The federal government is investing $230,000 over three years to support the establishment of an office in Iqaluit for the Northwest Territories and Nunavut.
But the costs of development in Canada’s arctic are usually counted in millions and billions. Agnico-Eagle had to pay more than $60-million to run a road from Baker Lake to the mine site 60 kilometres away.
“It would be helpful if the government would develop more of the infrastructure,” said Jean Robitaille, senior vice-president of technical services for Agnico-Eagle.
Mr. Harper replies that his government has spent billions of dollars in development of the North since coming to office in 2006, including funds for a geomapping program to show what resources are available.

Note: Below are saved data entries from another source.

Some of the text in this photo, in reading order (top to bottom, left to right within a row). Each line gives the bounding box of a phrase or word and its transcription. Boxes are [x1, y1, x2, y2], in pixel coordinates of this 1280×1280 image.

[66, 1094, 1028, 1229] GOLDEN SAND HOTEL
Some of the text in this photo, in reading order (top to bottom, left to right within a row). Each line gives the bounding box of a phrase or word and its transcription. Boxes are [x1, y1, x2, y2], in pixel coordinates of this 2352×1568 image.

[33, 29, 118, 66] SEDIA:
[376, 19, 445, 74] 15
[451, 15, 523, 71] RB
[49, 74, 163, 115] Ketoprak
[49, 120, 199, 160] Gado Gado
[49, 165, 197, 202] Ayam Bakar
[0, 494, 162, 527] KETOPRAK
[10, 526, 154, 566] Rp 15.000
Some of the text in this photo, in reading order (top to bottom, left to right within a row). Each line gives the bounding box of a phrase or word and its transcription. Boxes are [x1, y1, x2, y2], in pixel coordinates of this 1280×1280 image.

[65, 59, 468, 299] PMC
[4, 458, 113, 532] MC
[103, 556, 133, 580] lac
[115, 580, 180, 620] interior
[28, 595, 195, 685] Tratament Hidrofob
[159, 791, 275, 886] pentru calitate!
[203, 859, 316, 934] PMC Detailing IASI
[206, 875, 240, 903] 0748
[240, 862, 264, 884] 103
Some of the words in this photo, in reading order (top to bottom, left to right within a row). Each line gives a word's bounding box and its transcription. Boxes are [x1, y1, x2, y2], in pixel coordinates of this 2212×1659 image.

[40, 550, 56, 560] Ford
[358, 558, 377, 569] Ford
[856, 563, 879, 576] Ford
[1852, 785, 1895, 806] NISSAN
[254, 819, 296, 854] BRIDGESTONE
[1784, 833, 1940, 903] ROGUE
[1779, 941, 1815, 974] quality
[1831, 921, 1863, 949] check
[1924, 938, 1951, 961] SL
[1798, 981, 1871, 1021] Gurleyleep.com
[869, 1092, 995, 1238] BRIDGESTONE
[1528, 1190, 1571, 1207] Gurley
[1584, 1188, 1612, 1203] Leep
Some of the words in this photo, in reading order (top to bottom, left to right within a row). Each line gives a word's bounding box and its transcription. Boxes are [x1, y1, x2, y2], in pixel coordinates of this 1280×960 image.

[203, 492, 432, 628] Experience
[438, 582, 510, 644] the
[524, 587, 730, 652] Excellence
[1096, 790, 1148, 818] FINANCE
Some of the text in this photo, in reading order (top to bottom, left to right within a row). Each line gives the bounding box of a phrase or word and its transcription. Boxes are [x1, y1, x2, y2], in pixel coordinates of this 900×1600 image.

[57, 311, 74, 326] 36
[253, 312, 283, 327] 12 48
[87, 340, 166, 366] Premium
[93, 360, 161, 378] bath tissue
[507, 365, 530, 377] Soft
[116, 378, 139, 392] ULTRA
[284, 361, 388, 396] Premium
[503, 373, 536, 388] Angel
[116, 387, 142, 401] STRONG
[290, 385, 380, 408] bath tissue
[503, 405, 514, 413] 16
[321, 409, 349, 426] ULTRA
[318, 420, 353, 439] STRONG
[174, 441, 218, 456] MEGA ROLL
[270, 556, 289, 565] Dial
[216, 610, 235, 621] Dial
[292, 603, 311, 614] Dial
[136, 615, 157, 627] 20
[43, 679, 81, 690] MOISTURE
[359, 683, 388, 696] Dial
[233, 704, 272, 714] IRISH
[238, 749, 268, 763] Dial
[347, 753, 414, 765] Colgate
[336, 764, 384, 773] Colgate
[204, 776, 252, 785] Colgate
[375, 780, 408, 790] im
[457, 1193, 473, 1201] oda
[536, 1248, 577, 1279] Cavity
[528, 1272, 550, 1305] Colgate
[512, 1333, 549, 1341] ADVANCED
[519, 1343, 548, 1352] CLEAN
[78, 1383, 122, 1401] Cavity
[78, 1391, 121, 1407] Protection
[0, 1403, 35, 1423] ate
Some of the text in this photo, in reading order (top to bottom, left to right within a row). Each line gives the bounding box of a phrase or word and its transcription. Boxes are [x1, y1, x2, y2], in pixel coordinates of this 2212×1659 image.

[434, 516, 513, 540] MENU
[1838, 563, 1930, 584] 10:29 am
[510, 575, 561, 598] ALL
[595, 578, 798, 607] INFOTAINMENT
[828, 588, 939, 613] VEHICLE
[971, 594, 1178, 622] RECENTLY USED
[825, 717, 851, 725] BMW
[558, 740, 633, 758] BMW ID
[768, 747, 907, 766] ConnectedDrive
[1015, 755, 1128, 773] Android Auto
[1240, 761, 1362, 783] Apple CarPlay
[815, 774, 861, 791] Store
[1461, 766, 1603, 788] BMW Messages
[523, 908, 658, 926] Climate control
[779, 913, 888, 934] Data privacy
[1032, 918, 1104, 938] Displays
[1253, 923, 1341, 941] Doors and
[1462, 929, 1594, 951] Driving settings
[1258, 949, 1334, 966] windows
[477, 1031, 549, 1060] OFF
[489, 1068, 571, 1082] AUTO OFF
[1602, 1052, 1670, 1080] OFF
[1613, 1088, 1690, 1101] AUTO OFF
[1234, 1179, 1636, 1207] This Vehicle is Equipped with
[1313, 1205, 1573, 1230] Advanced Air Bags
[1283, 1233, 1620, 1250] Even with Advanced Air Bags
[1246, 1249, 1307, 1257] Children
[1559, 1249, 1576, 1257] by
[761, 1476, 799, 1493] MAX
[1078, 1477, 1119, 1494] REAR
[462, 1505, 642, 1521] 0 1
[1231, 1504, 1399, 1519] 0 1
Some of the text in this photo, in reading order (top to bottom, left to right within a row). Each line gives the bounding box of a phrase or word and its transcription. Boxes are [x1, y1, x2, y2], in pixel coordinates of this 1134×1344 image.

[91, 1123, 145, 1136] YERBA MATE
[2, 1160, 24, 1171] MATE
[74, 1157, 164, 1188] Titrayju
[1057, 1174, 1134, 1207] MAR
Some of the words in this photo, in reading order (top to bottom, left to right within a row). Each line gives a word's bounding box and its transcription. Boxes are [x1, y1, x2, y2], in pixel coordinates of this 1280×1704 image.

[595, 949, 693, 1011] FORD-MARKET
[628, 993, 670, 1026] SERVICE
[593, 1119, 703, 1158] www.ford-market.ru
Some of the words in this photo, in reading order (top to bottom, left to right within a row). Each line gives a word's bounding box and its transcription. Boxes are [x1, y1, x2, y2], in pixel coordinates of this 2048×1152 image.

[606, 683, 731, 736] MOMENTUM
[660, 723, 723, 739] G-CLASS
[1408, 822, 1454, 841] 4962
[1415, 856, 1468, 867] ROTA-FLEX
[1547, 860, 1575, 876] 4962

“As a government, we don’t measure our results of our progress based on how many millions or billions we spend. ... We measure it by results. And I think you see over the past five years the tremendous expansion of activity in the North, and particularly in the mining sector,” he said.
This development does not come without a social price.
Frank Tester, a professor in the school of social work at the University of British Columbia who has studied development projects in Nunavut, including now-defunct mines, said the projects have had no lasting legacy.
Mines in the North have never met their targets for aboriginal employment, Mr. Tester said, because the Inuit build their lives around their families and most are not willing to be away from home for long.
Meanwhile, he said, the negative effects are many. Baker Lake is divided over a proposal to open a uranium mine west of the community because more money means more alcohol, drugs, gambling and domestic abuse.
“It takes people away from the land – from hunting and a relationship with land and nature that is the foundation of Inuit culture,” Mr. Tester said. “This, in turn, affects how people do (or do not) function together.”
Ben Bradshaw, a professor of geography at the University of Guelph, acknowledges the historical problems associated with mineral exploration in the North. And he agrees that more local wealth has led to increased substance abuse and internal community conflict.
But Northerners today have far greater say over the terms under which mining occurs, especially in regions like Nunavut, and are increasingly partners in development, Mr. Bradshaw said. The Meadowbrook mine, for instance, has signed an impact and benefit agreement that offers employment to residents of Baker Lake as well as a share of mineral profits.
“Wealth from mining is certainly trickling down to communities, but it has to be managed wisely to achieve lasting benefits,” he said. “Some communities are achieving success in this, but others are not.”
Pujjuut Kusugak, the Mayor of Rankin Inlet, is optimistic about the possibilities of a new Agnico-Eagle mine.
“For a community like Rankin Inlet to have an opportunity for a gold mine is huge for us,” said Mr. Kusugak. But the community is not yet prepared for the influx of people that such development would bring, and the federal government’s assistance is needed, he said. “We can’t really do it by ourselves.”